Here, the allegedly negligent conduct of defendants is not the kind of harm for which our Workers’ Compensation Act was intended to compensate. Plaintiff’s negligence action against these two vocational rehabilitation therapists is separate and distinct from the plaintiff’s original workers’ compensation claim. The injury underlying plaintiffs claim against the defendants did not arise out of and in the course of employment, nor did it result naturally and unavoidably from the original injury that served as the basis for plaintiffs original workers’ compensation claim. N.C.G.S. § 97-2(6) (1999); see Bryant, 267 N.C. at 548, 148 S.E.2d at 551-52; Hogan, 79 N.C. App. at 496, 340 S.E.2d at 124. Defendants’ allegedly negligent conduct cannot rationally be considered the natural result of plaintiff’s compensable injury. One cannot say that when a vocational rehabilitation therapist treats an injured worker it is naturally expected that further injury will result. Indeed, the reasonable expectation is that the original injury will be ameliorated.

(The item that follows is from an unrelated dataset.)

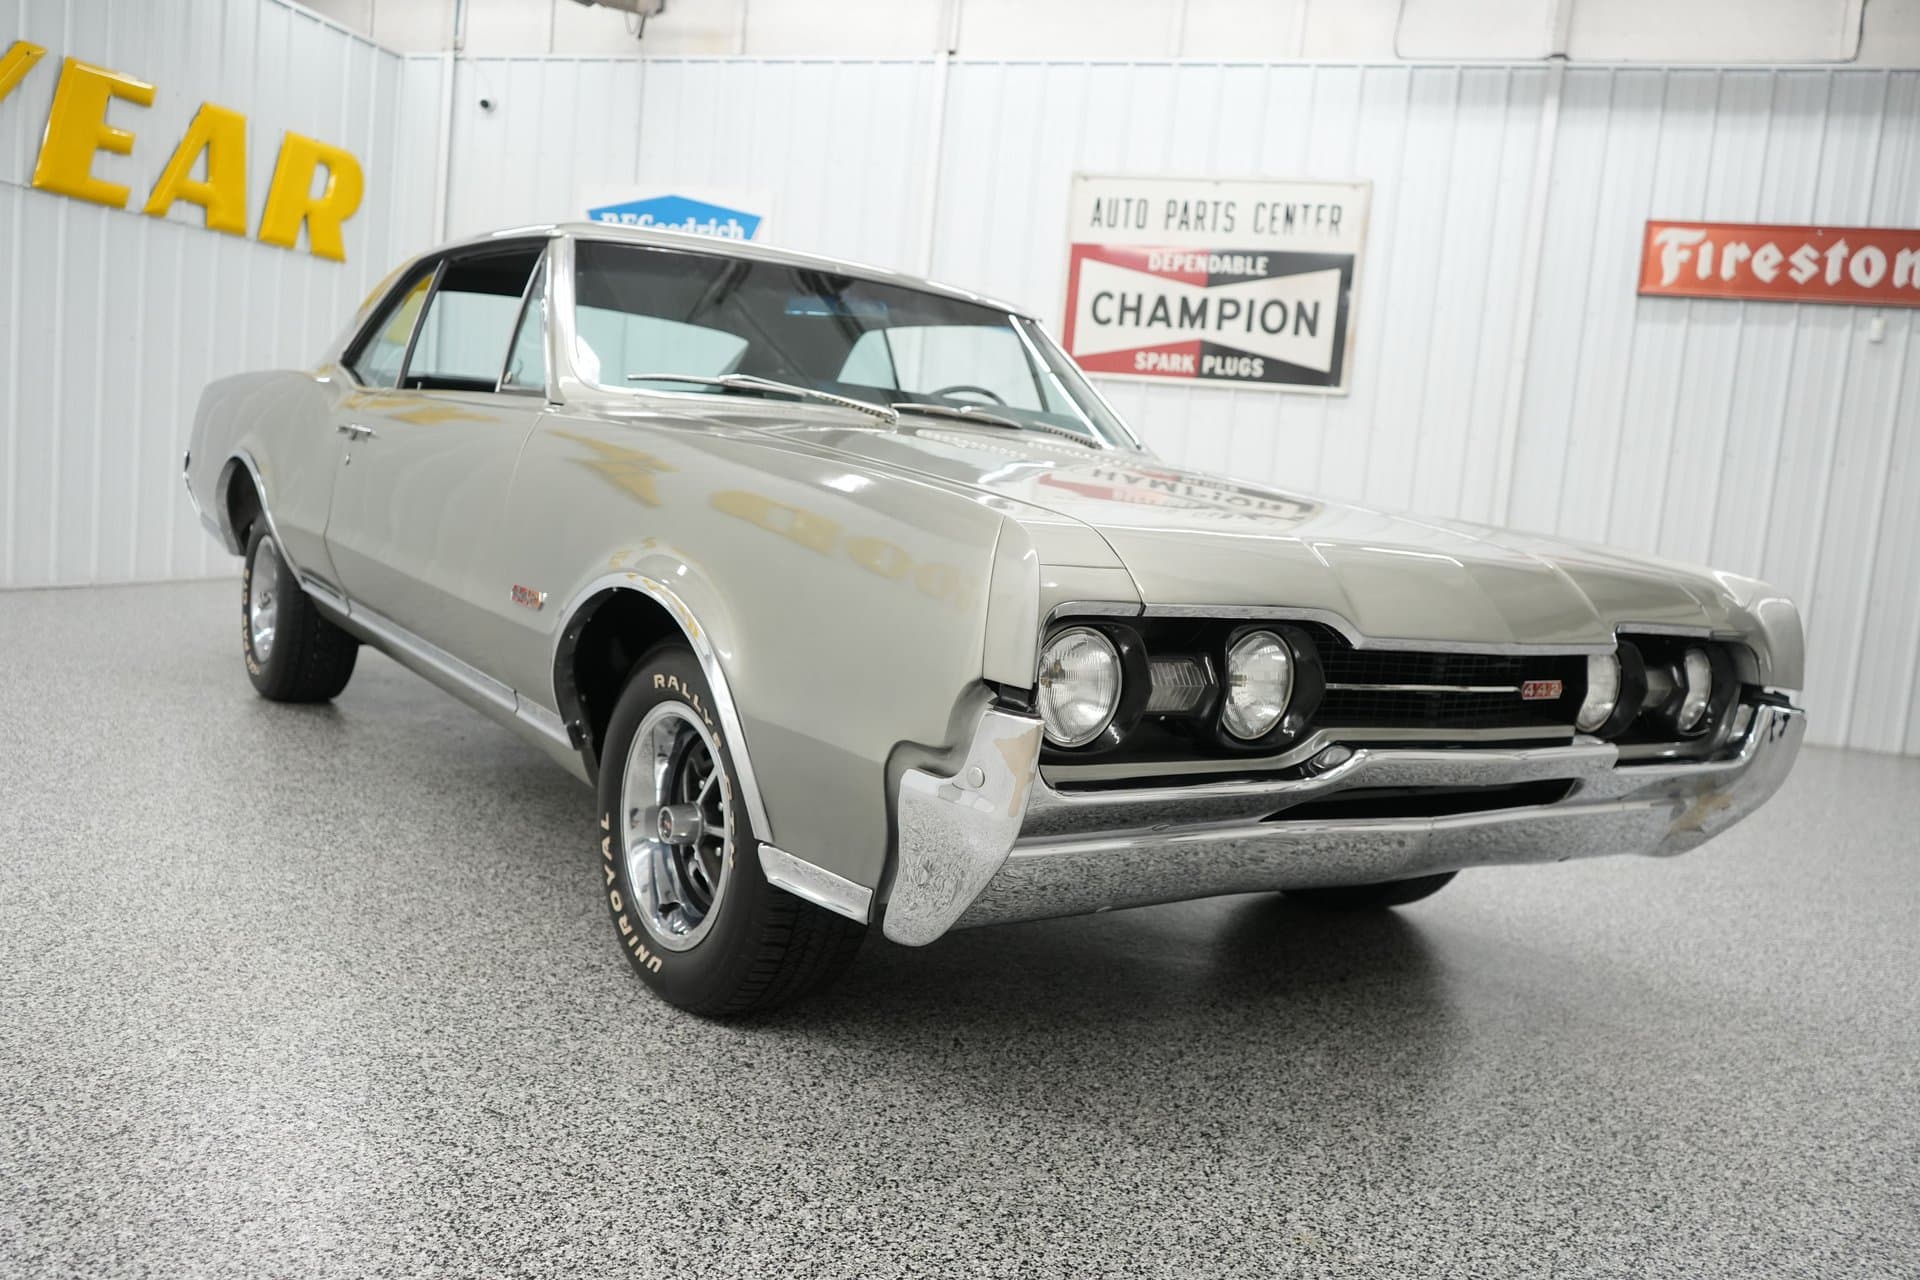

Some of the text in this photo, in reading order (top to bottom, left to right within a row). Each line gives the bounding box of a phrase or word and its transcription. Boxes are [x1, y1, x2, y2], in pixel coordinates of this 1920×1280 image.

Plaintiff’s action for negligent infliction of emotional distress against two third-party vocational rehabilitation therapists is analogous, for jurisdictional purposes, to a medical malpractice claim against a treating physician. After being injured during the course of employment, employees often require treatment by third-party professionals. In Bryant v. Dougherty, 267 N.C. at 548, 148 S.E.2d at 551-52, our Supreme Court wrote:
The Workmen’s Compensation Act does not confer upon the Commission jurisdiction to hear and determine an action, brought by an injured employee against a physician or surgeon, to recover damages for injury due to the negligence of the latter in the performance of his professional services to the employee. G.S. § 97-26 relates to the right of the employee to recover damages or benefits under the Act from the employer, and so from the insurance carrier of the employer. It does not impose liability upon the physician or surgeon or relieve him thereof.
Here, defendants rendered professional services to plaintiff. As with surgeons or physicians, North Carolina’s Workers’ Compensa*531tion Act does not impose liability upon rehabilitation therapists or relieve them thereof. See id.
Our Act is founded on the principle that in forming the employer-employee relationship, both employer and employee mutually assent to the Act’s governance of claims by employee against the employer for injuries to employee arising out of the scope of employment. As to the relationship between a third-party care provider and an employee pursuing a compensable claim, no mutual assent to submit to the Workers’ Compensation Act exists. Plaintiff’s claim, though it arose during treatment for a compensable injury, as do many medical malpractice claims, is not the type of claim that was intended to be covered by our Workers’ Compensation Act.
Accordingly, I would hold that jurisdiction of plaintiff’s claim lies squarely with the trial court. For the foregoing reasons and the reasons stated in Riley, 144 N.C. App. 357, 547 S.E.2d 831, I would reverse the trial court’s decision and remand for trial.